List of DMP-Sponsored or Co-Sponsored Focus Topics and Sorting Categories for the 2009 APS March Meeting

The co-sponsoring units are indicated in between parenthesis.

02.8.2: Dopants and defects in semiconductors (DMP)

Eugene Haller, University of California at Berkeley
Matthew McCluskey, Washington State University
Michael Stavola, Lehigh University

The properties of semiconductors are determined by the presence of impurities and defects. Defects control carrier concentration, mobility, lifetime, and recombination; they are also responsible for processes that involve atomic transport such as migration, diffusion, and precipitation of impurities and host atoms. In dilute III-N-V alloys, impurities even modify the band gap. The control of defects and impurities is the critical factor that enables a semiconductor to be engineered for use in electronic and optoelectronic devices as has been widely recognized in the remarkable development of Si-based electronics and the recent success of the GaN-based blue LED and lasers. The fundamental understanding, characterization and control of defects are proving to be important for the development of novel wide-band gap semiconductors and future solid-state based spintronic devices.

The physics of dopants and defects in semiconductors, from the bulk to the nanoscale, is the subject of this focus session. The electronic, structural, optical, magnetic and isotopic properties of dopants and defects in elemental and compound semiconductors; SiO2 and alternative dielectrics; wide band-gap semiconductors such as diamond, SiC, metal-oxides, and the group-III nitrides; and organic semiconductors are of interest. Abstracts on experimental and theoretical investigations are solicited.

03.8.1: Dielectric, Ferroelectric and Piezoelectric Oxides (DMP)

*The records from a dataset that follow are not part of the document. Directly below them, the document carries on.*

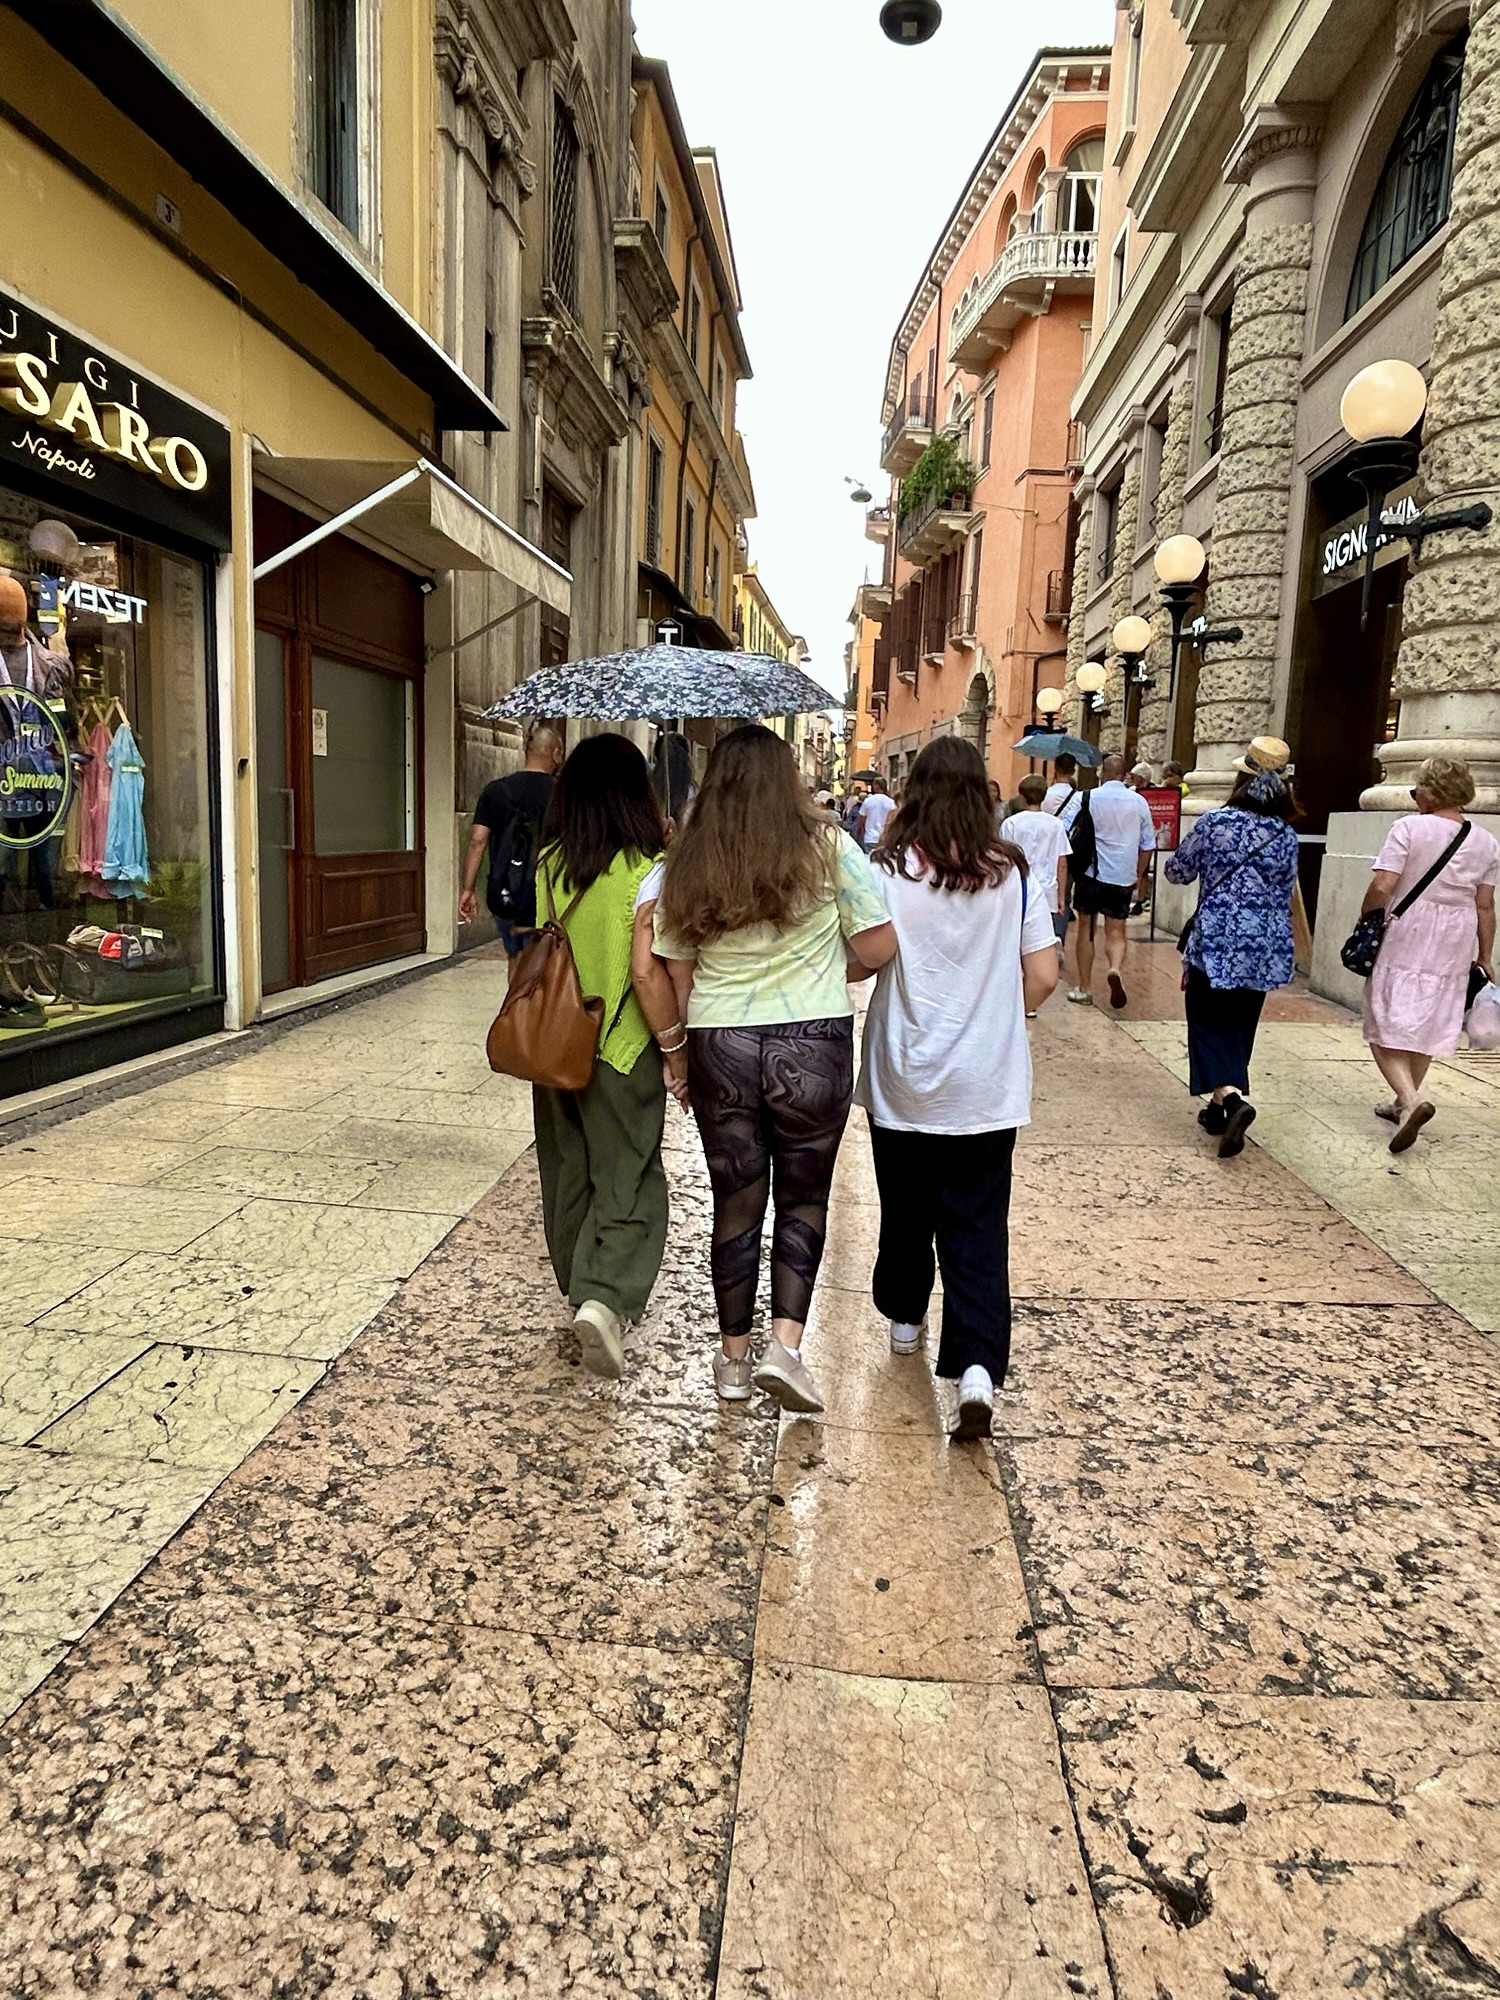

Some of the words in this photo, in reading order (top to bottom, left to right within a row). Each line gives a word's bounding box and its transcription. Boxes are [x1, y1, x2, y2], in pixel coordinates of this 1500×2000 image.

[0, 309, 140, 410] UIGI
[14, 351, 208, 491] SARO
[11, 430, 96, 480] Napoli
[658, 627, 679, 646] T
[0, 765, 63, 797] Summer
[0, 800, 56, 812] ITION

Dillon D. Fong, Argonne National Laboratory
Matthew Dawber, Stony Brook University
Gustau Catalan, University of Cambridge

This topic will focus on fundamental advances in the growth, characterization, and experimental as well as theoretical understanding of dielectric, ferroelectric, piezoelectric, and multiferroic oxides in bulk, thin-film, superlattice, and nanostructured forms. Contributions on functional oxides of all structural types are encouraged. Areas of interest include the physics of structural and ferroelectric phase transitions, domain structure and dynamics, lattice dielectric properties, the impact of disorder on cooperative behavior, progress in theoretical approaches to ferroelectricity, multiferroicity, and relaxor behavior, as well as understanding of oxide synthesis and growth mechanisms. A major thrust will be to explore how bulk dielectric, ferroelectric, and piezoelectric properties are modified in thin-film, superlattice, or other nanoscale geometries, for example by the effects of strain, surfaces and interfaces, chemical environment, and electrical boundary conditions.

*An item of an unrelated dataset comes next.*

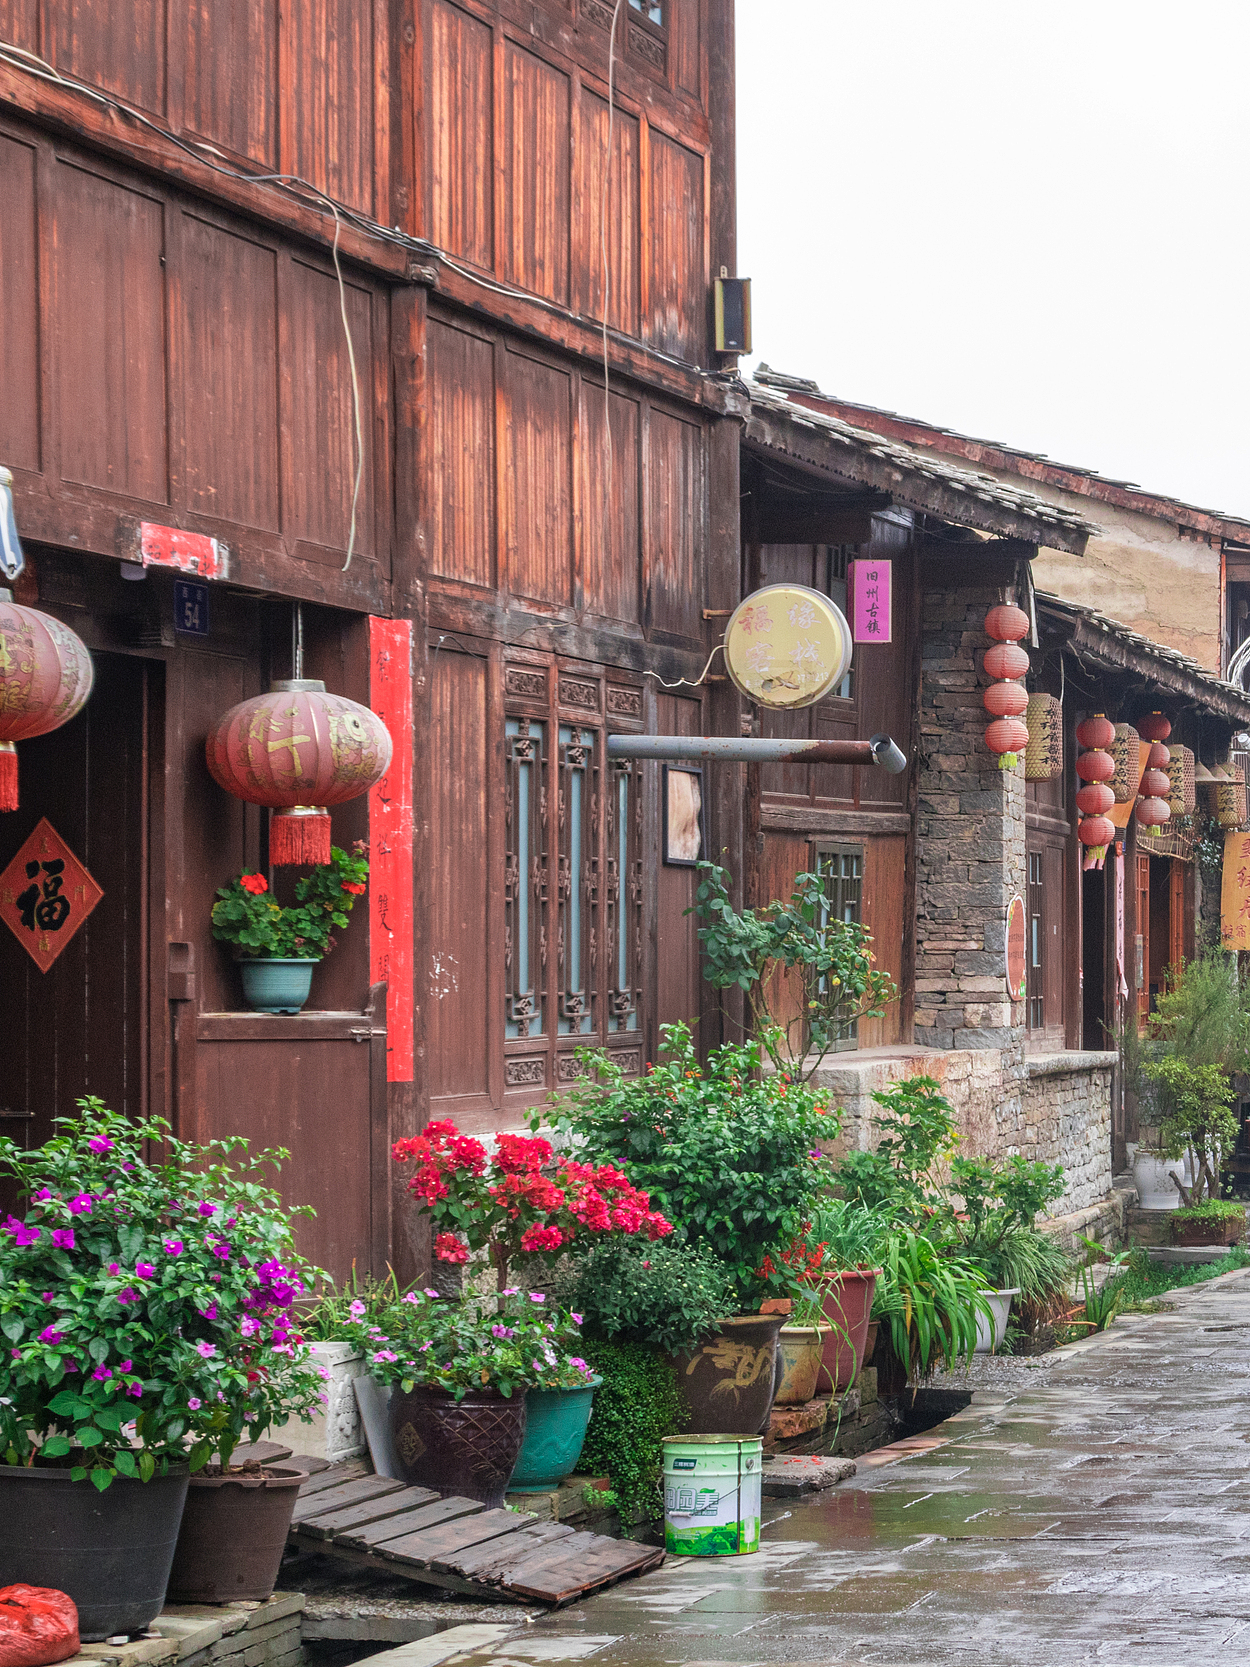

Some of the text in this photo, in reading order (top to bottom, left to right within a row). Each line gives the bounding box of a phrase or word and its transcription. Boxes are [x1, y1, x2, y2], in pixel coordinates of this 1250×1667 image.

[184, 602, 200, 629] 54
[865, 571, 881, 634] 旧州古镇
[16, 858, 71, 932] 福

04.14.5: Organic Electronics, Photonics & Magnetics (DMP/DPOLY)

Vitaly Podzorov, Rutgers University
Antoine Kahn, Princeton University

Organic small-molecule and polymer materials are actively studied for their interesting electronic, photonic and magnetic properties. This focus topic covers the recent developments in this field. Contributions are solicited on the following studies of organic semiconductors and related devices: charge carrier transport, optical properties (e.g., spectroscopy, physics of excitons, nonlinear optics, lasing, photonic bandgap materials), issues related to energetics of organic-organic and organic-inorganic interfaces, magneto-transport phenomena (e.g., magnetoresistance, spin dependent phenomena, magneto-optics). Studies of device physics of organic field-effect transistors, photovoltaic cells, lasers, spin valves, and sensors will be presented. Both theoretical and experimental studies are welcome.

05.17.1: Iron Pnictides and Other Novel Superconductors (DMP)

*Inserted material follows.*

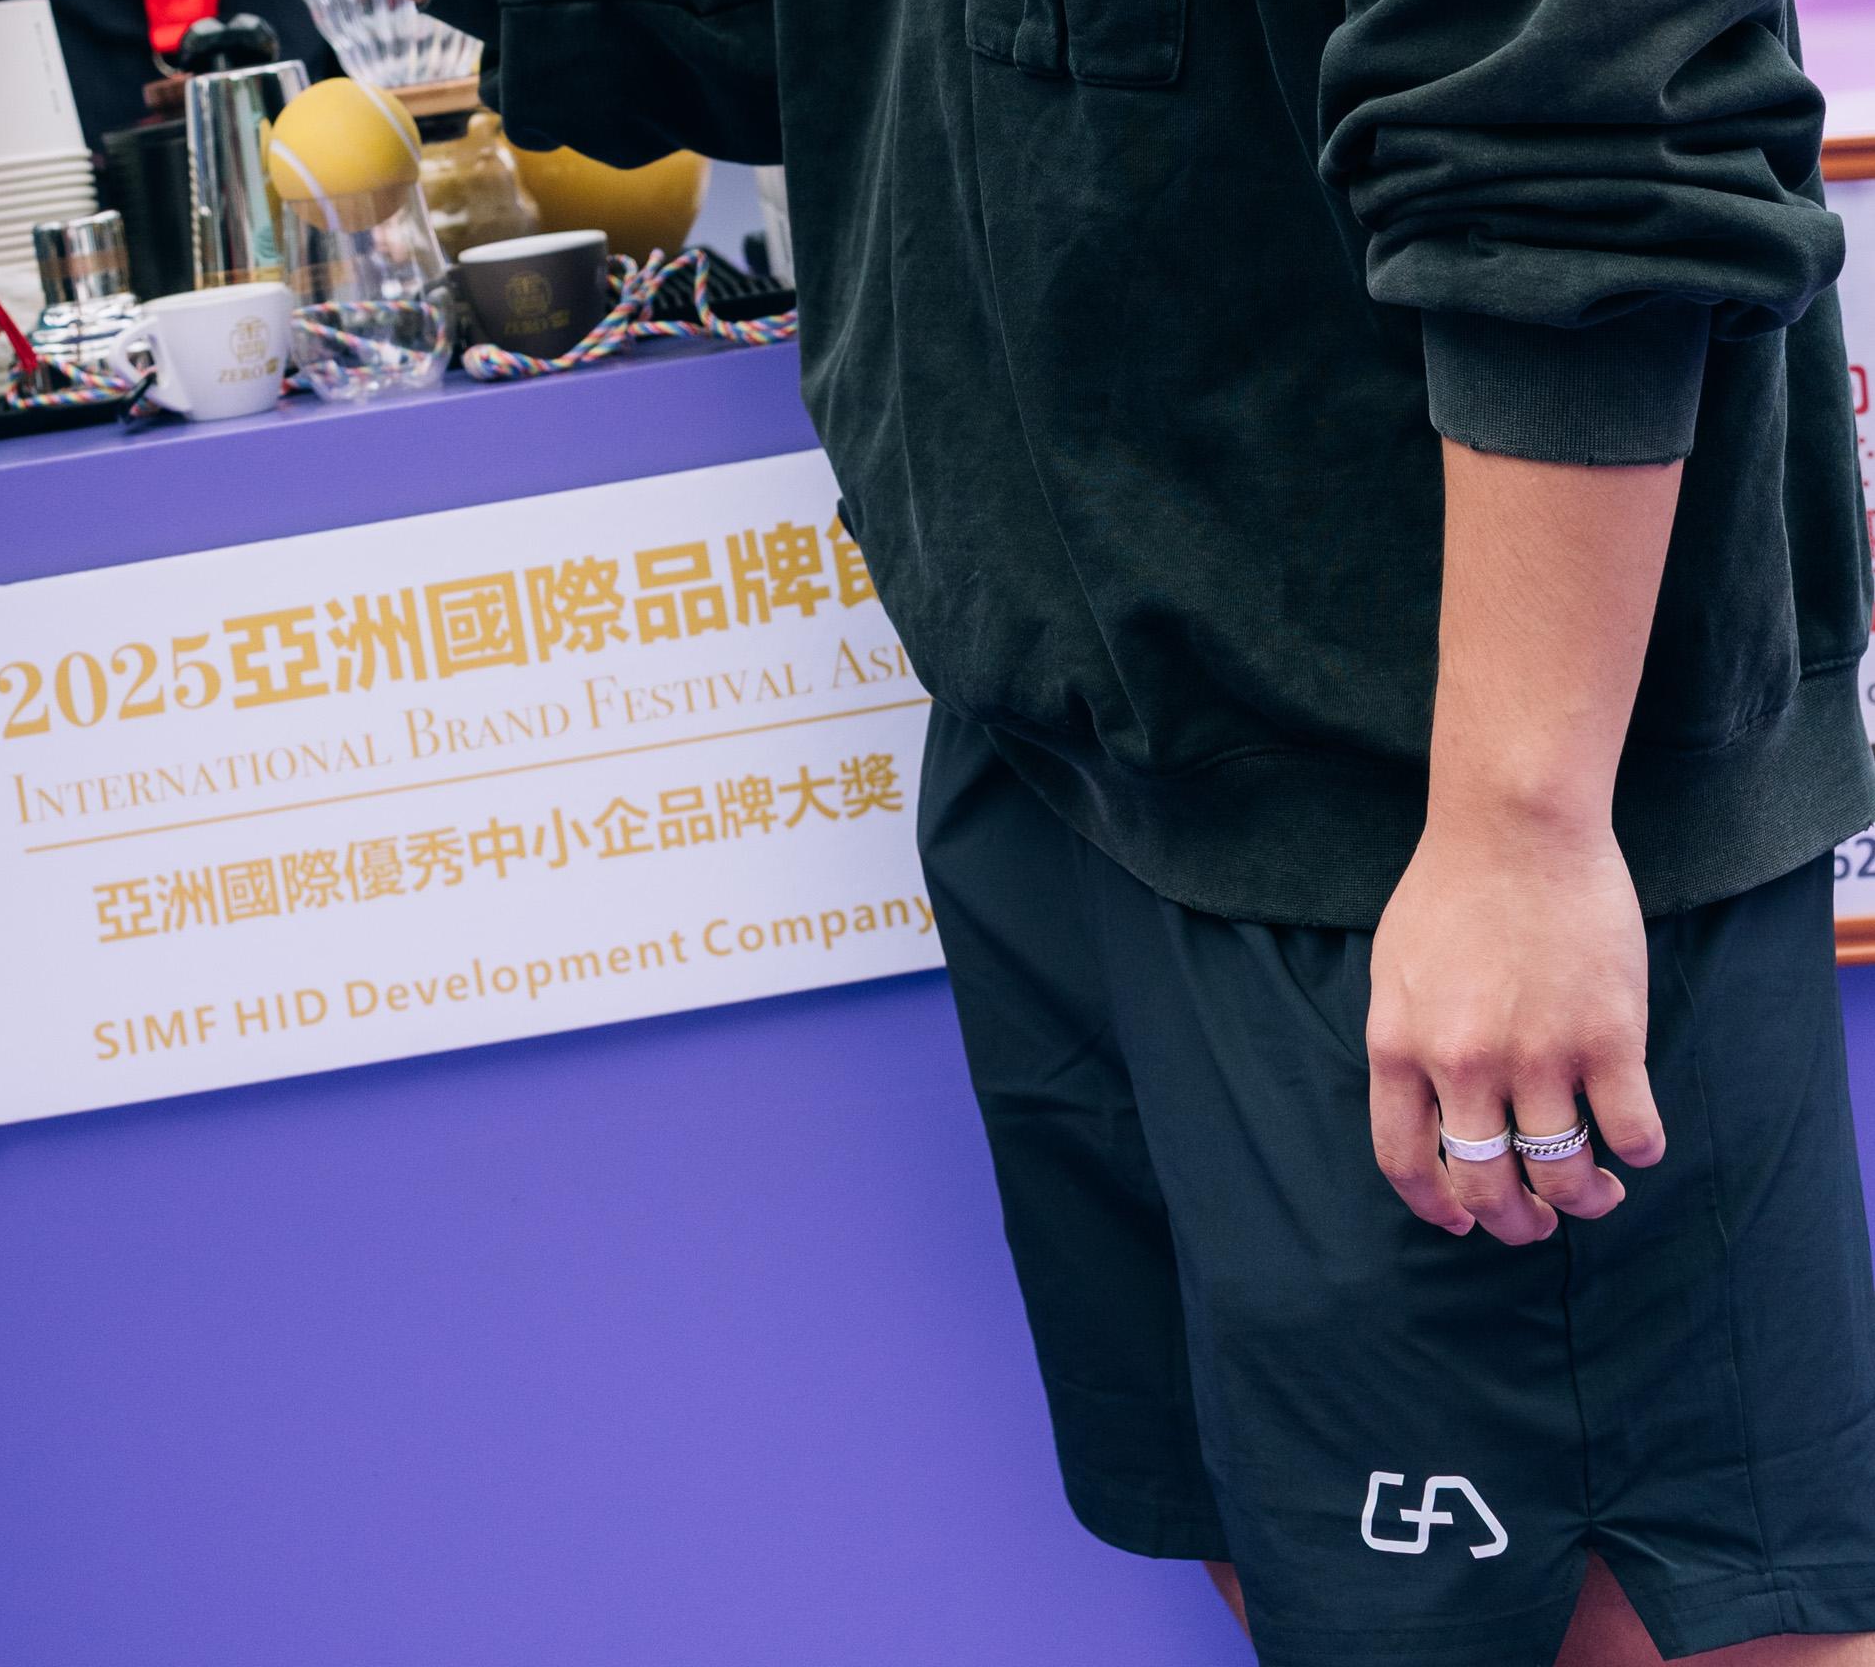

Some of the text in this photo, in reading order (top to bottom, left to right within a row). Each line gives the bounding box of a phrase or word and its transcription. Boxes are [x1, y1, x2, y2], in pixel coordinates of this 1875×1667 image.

[13, 733, 392, 824] INTERNATIONAL
[406, 705, 571, 759] BRAND
[584, 661, 813, 731] FESTIVAL
[93, 895, 935, 1061] SIMF HID Development Company

Igor Mazin, Naval Research Laboratory
Ian Fisher, Stanford University

The discovery of superconductivity in Fe pnictides has again demonstrated the potential of  non-cuprate superconductors both in terms of high critical temperatures, currents and field, and in terms of fundamentally new superconducting states. Considerable progress has been made in recent months to understand both the normal and superconconducting states of these materials and their parent compounds. This focused session will cover both theory and experiment on these and other non-cuprate unconventional superconductors, including, but not limited to, noncentrosymmetric superconductors, CeCoIn5 and related materials, superconducting skuterrudites, organics and intercalated graphites, etc.

5.17.2: Hybrid Magnetic-Superconducting Systems (DMP/GMAG)

Jose Martin, Universidad de Oviedo – CINN
Charles Reichhardt, Los Alamos National Laboratory
Jacobo Santamaria, Universidad Complutense de Madrid

The focus topic will highlight experimental, theoretical and computational work on hybrid superconducting/magnetic structures. The main subjects will include: vortex motion control and imprinting of the ferromagnetic response on superconducting films with arrays of magnetic nanostructures such as dots and nanowires; proximity effects, Andreev reflections, spatial modulation of the order parameter, non-collinear magnetization effects, and spin injection in both conventional and complex oxide superconducting/ferromagnetic multilayers and heterostructures; and pi-phases, proximity and triplet states in hybrid Josephson junctions. Also, superconducting-magnetic nanocomposites, reentrant superconductors and novel hybrid devices will be considered.

6.14.1: Theory and Simulation of Magnetism and Spin-Dependent Properties (DCOMP/DMP/GMAG)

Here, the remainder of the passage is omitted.